Could you copy the records below exactly, leaving out any pictures?

BEGIN Dataset content

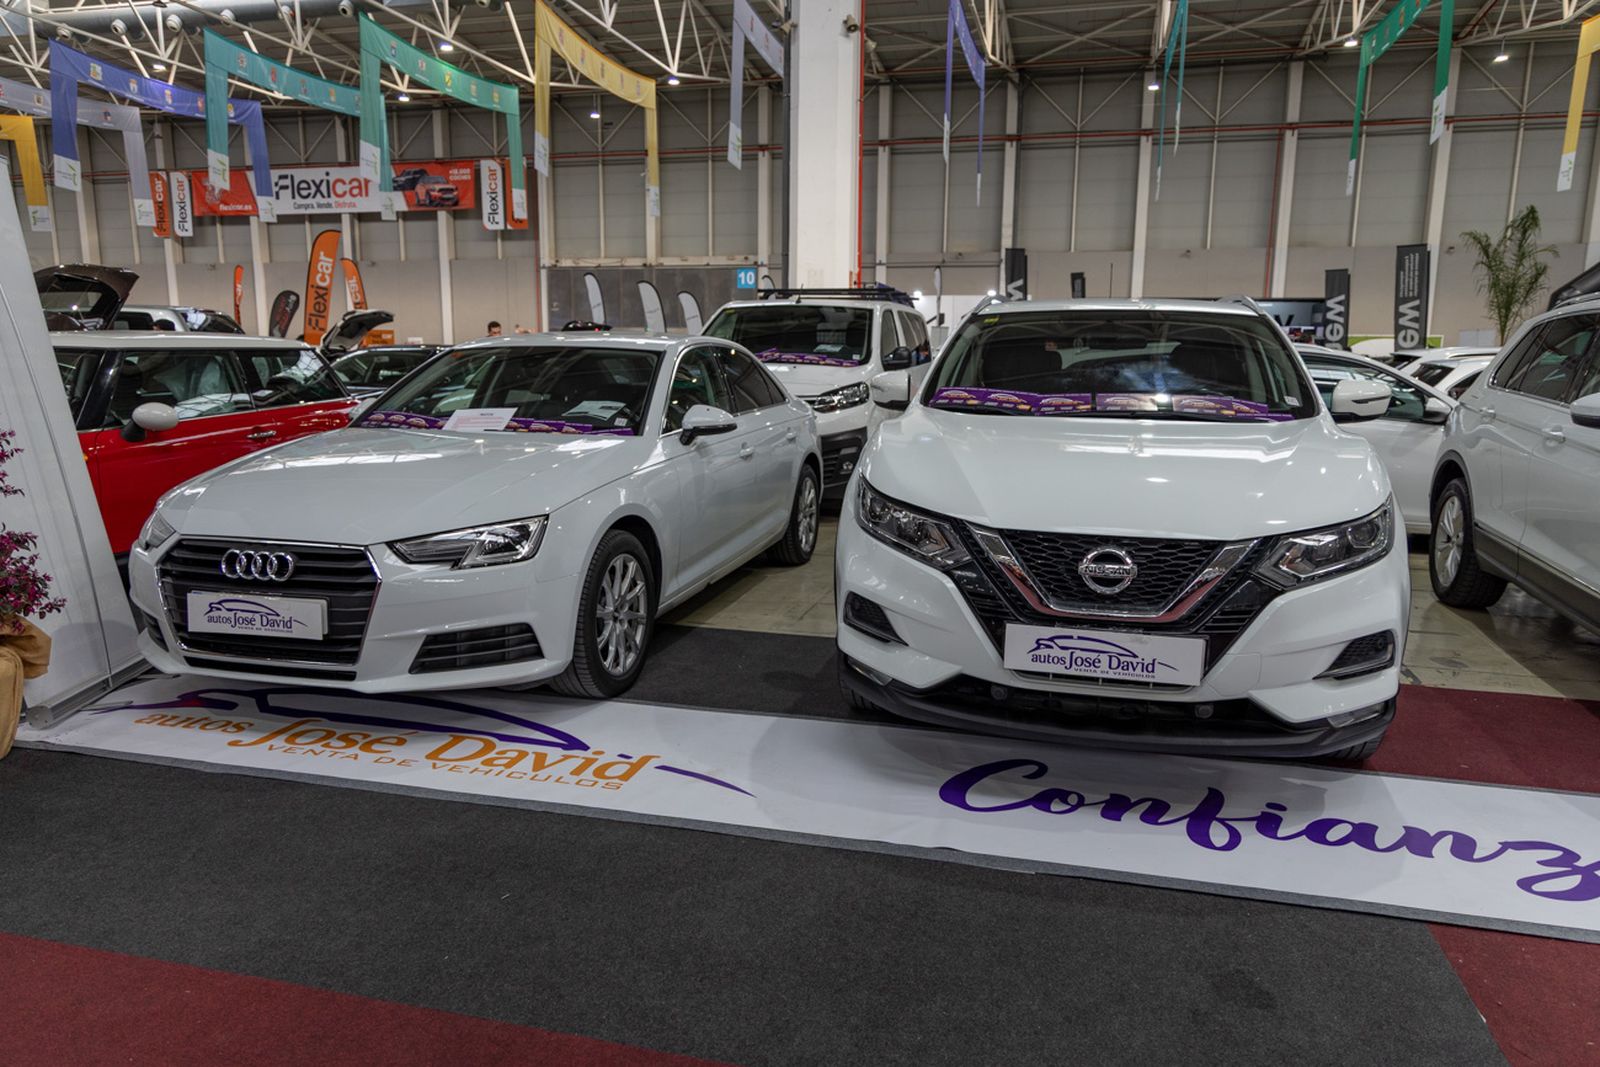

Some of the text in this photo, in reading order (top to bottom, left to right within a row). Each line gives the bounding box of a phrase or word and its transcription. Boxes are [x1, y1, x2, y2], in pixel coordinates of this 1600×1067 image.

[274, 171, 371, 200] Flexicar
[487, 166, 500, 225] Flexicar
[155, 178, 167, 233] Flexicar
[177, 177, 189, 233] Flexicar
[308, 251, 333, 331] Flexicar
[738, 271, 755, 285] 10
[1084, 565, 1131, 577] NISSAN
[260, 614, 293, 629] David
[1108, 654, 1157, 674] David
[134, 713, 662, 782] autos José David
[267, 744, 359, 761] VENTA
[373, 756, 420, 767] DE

END Dataset content

# [Task output]
Some of the text in this photo, in reading order (top to bottom, left to right within a row). Each line gives the bounding box of a phrase or word and its transcription. Boxes are [x1, y1, x2, y2], in pixel coordinates of this 1600×1067 image.

[274, 171, 371, 200] Flexicar
[487, 166, 500, 225] Flexicar
[155, 178, 167, 233] Flexicar
[177, 177, 189, 233] Flexicar
[308, 251, 333, 331] Flexicar
[738, 271, 755, 285] 10
[1084, 565, 1131, 577] NISSAN
[260, 614, 293, 629] David
[1108, 654, 1157, 674] David
[134, 713, 662, 782] autos José David
[267, 744, 359, 761] VENTA
[373, 756, 420, 767] DE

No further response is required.